無償化連絡会・大阪

〜 子どもたちの笑顔と希望のために 〜

月別: 2019年1月

哀悼

日本軍「慰安婦」被害者の金福童ハルモニが2019年1月28日、永眠されました。
生前、金福童ハルモニは旧日本軍の「従軍慰安婦」問題に対する国際社会の関心を高め、戦時の性暴力が再び凄惨な被害をもたらすことのないよう、ご自身の痛ましい実体験を語り継ぐ事で国際世論を導いてこられました。
そして、その傍ら在日同胞たちの民族教育に多大な支援を惜しみなく送ってくださり、いつも慈愛に満ちた温かい眼差しでウリハッキョの子どもたちを見守ってくださいました。

金福童ハルモニと大阪ウリハッキョの子どもたちの出会いは2012年まで遡ります。当時の橋下徹大阪市長が旧日本軍の「従軍慰安婦」問題に関して「暴行、脅迫による強制連行はなかった」などと暴言を発した事に抗議し、発言の撤回と被害者への謝罪を求めて大阪での集会に参加し、生野朝鮮初級学校を訪問したのが始まりです。その際、児童たちに「日本の社会で差別があっても、萎縮することはない。堂々と生きなさい」と励ましてくださいました。そして全校児童にノートと鉛筆をプレゼントして下さいました。後日、児童たちから送られて来た手紙をハルモニは目を細めながら読まれたそうです。

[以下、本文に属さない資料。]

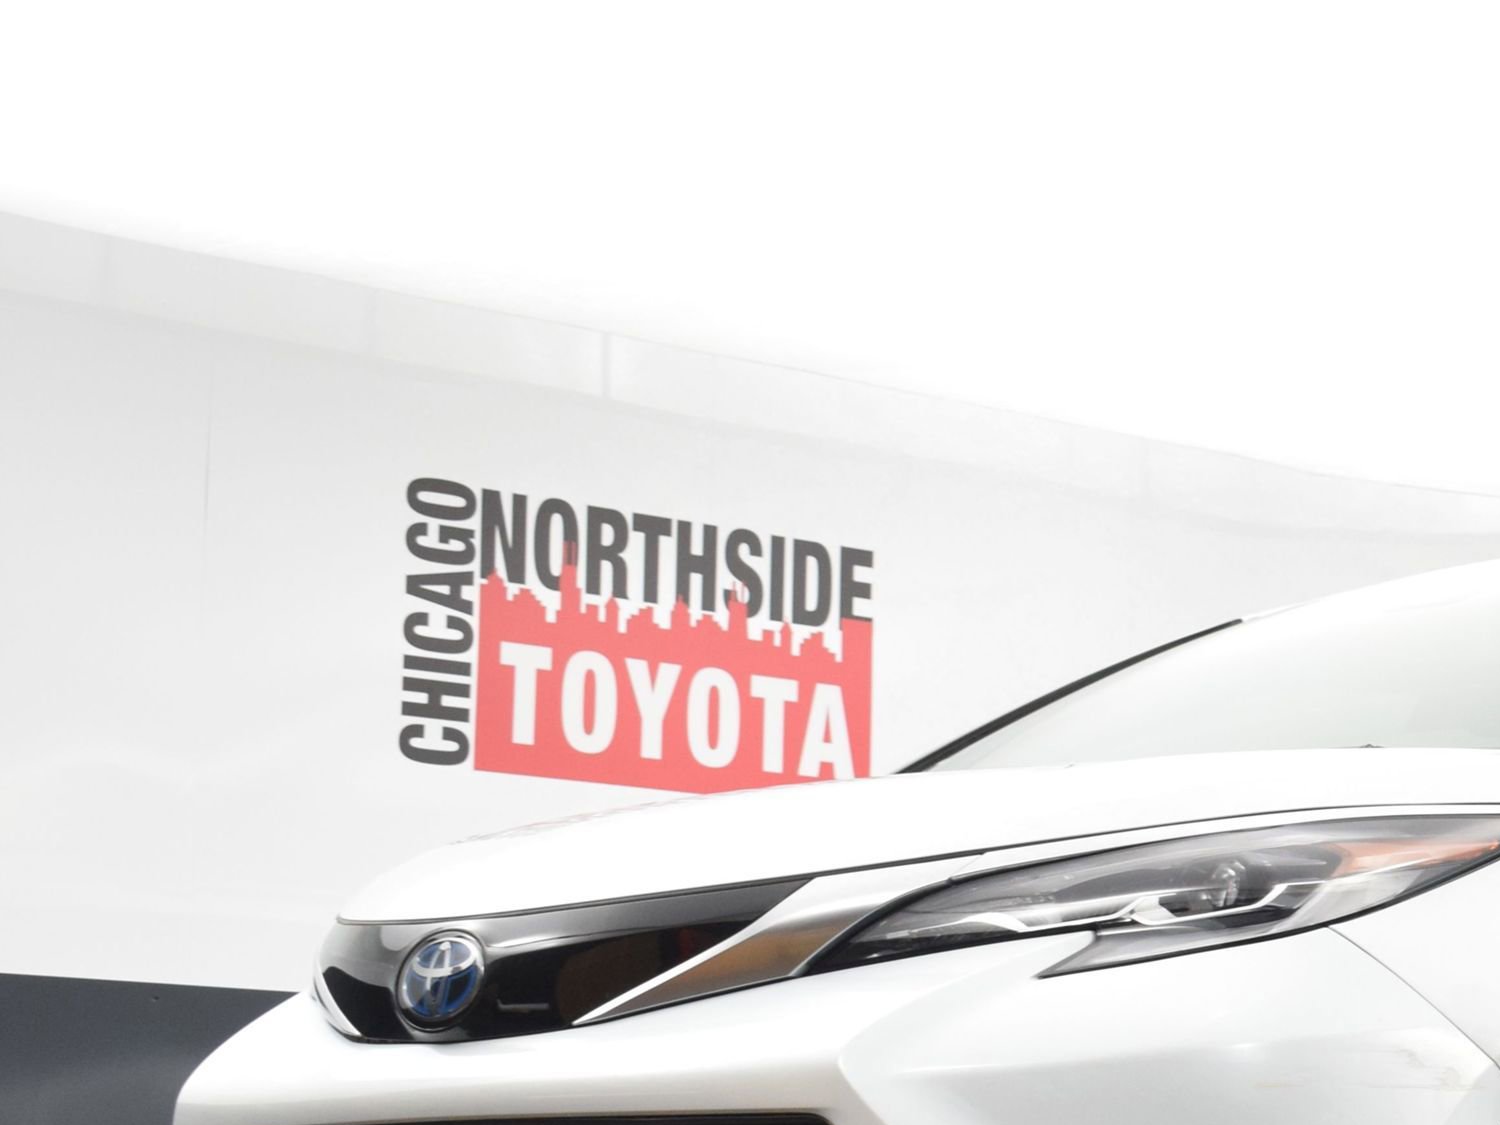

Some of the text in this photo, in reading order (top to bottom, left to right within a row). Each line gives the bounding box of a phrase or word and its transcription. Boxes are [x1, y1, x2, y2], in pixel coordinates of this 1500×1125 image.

[399, 477, 476, 766] CHICAGO
[480, 488, 873, 630] NORTHSIDE
[499, 641, 855, 779] TOYOTA
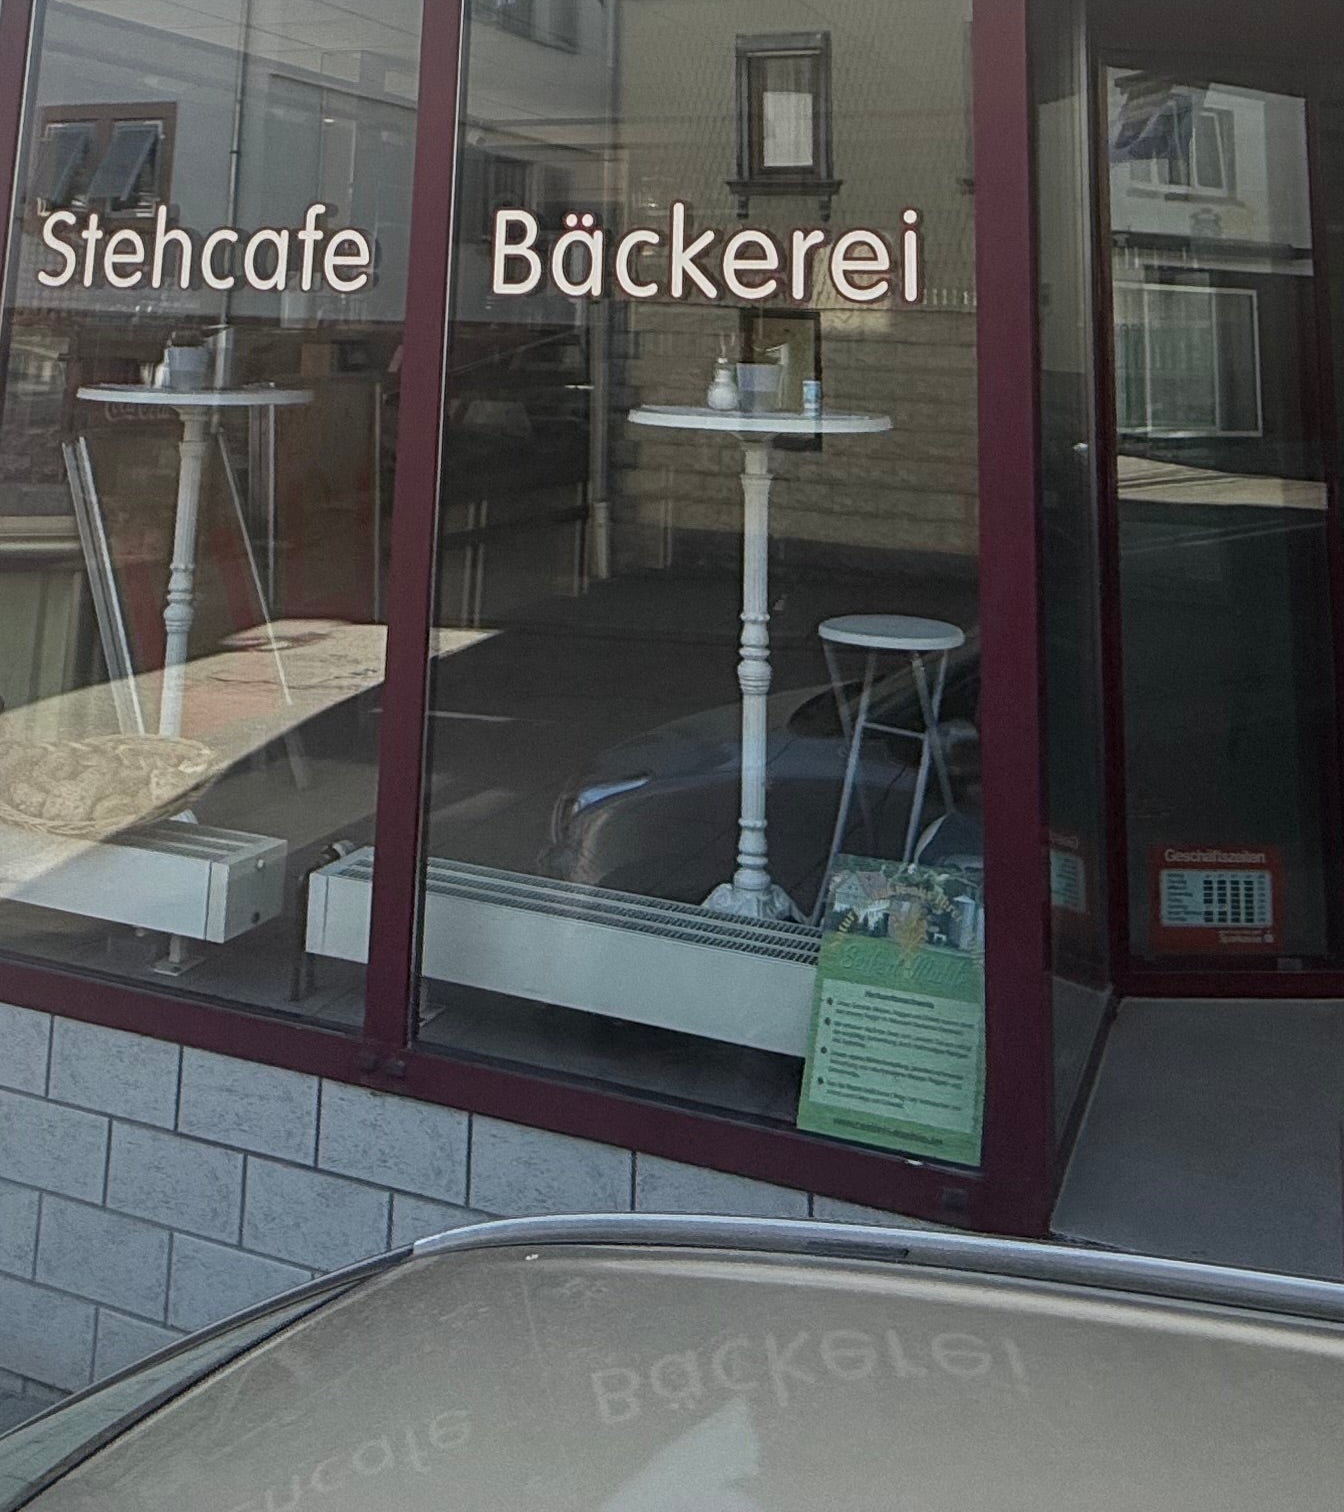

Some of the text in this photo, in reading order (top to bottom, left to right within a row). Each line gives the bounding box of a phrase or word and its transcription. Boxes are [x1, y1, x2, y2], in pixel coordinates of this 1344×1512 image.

[38, 204, 371, 292] Stehcafe
[492, 201, 922, 304] Bäckerei
[1164, 848, 1266, 863] Geschäftszeiten

それ以来、全国のウリハッキョを訪ねられ、子どもたちを励まし、支援を続けてこられたハルモニは、昨年9月27日には「高校無償化」裁判・高裁判決の言い渡しに合わせて再び大阪を訪れ、判決報告集会に参加した翌日、大阪朝鮮高級学校と台風被害のひときわ大きかった城北朝鮮初級学校を訪問されました。同じく旧日本軍「慰安婦」被害者である吉元玉ハルモニと共に城北ハッキョを訪問された金福童ハルモニは、幼稚班から初級部の児童まで子どもたち一人一人の手を温かく握り、優しく言葉をかけてくださいました。そして、真心のこもった義援金を校長先生に手渡されました。そればかりか、災害にも負けず健気に学ぶ子どもたちのことを気にかけ、11月にも市民団体である「金福童の希望」を通じて二度目の義援金を届けてくださいました。

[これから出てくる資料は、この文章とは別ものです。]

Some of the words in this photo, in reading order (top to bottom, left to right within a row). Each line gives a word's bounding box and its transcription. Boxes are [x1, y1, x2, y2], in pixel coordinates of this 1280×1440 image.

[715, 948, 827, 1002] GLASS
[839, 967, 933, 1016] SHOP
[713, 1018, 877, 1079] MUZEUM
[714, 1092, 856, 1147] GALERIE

昨年9月27日、「高校無償化」裁判。大阪高裁での不当判決を受け、憤懣に満ちた報告集会の壇上、金福童ハルモニは力強くこうおっしゃいました。
「私たちは10数年闘っているが、日本政府は全く身動きしていない。それでも私たちはいつか勝利する。だから学生さんたちもくじけないでください。どんなことがあってもあきらめてはいけない。朝鮮学校は生き残る。これから統一する。必ず勝利する日はやってくる!」
そして「ファイティン!」とこぶしを高く掲げました。
呼応する満場の参加者たちは、一緒になってこぶしを高く振り上げ、ハルモニたちの堂々とした姿に希望の光を見ました。そして、それぞれの胸に決意を新たにしました。

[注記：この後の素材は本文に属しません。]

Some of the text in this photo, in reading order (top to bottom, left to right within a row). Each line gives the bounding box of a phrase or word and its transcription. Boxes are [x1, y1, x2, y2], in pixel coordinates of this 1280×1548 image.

14歳から遠く異国の地で、たった一人の身寄りもなく、筆舌に尽くし難い苦痛に耐え生き抜いて来られたハルモニにとって、学校で学ぶことは「普通」のことではなく「叶わぬ願い」であり「夢」だったのでしょう。
だからこそ、戦時性暴力を撲滅し、二度と繰り返させないための運動に命がけでとりくむ傍ら、「学ぶ権利」を脅かされながらもウリハッキョで元気に学び民族の心を育んでいる子どもたちを心から愛おしんで支援してくださったに違いありません。病床でも最後の最後までウリハッキョの子どもたちを心配してくださったハルモニ。(Web版の『ハンギョレ新聞』に詳細記事)
「一生懸命勉強しなさい。」
ウリハッキョの子どもたちにいつもかけてくださった温かい言葉が、今も胸に深く響きます。
金福童ハルモニの気高い心、強い遺志は受け継がれてゆきます。
ハルモニの願った未来、ウリハッキョの子どもたちも差別なく平等に思い切り学べる社会が築かれるまで、私たちの闘いは続きます。

私たちのハルモニ、金福童ハルモニ、どうか安らかにお眠りください。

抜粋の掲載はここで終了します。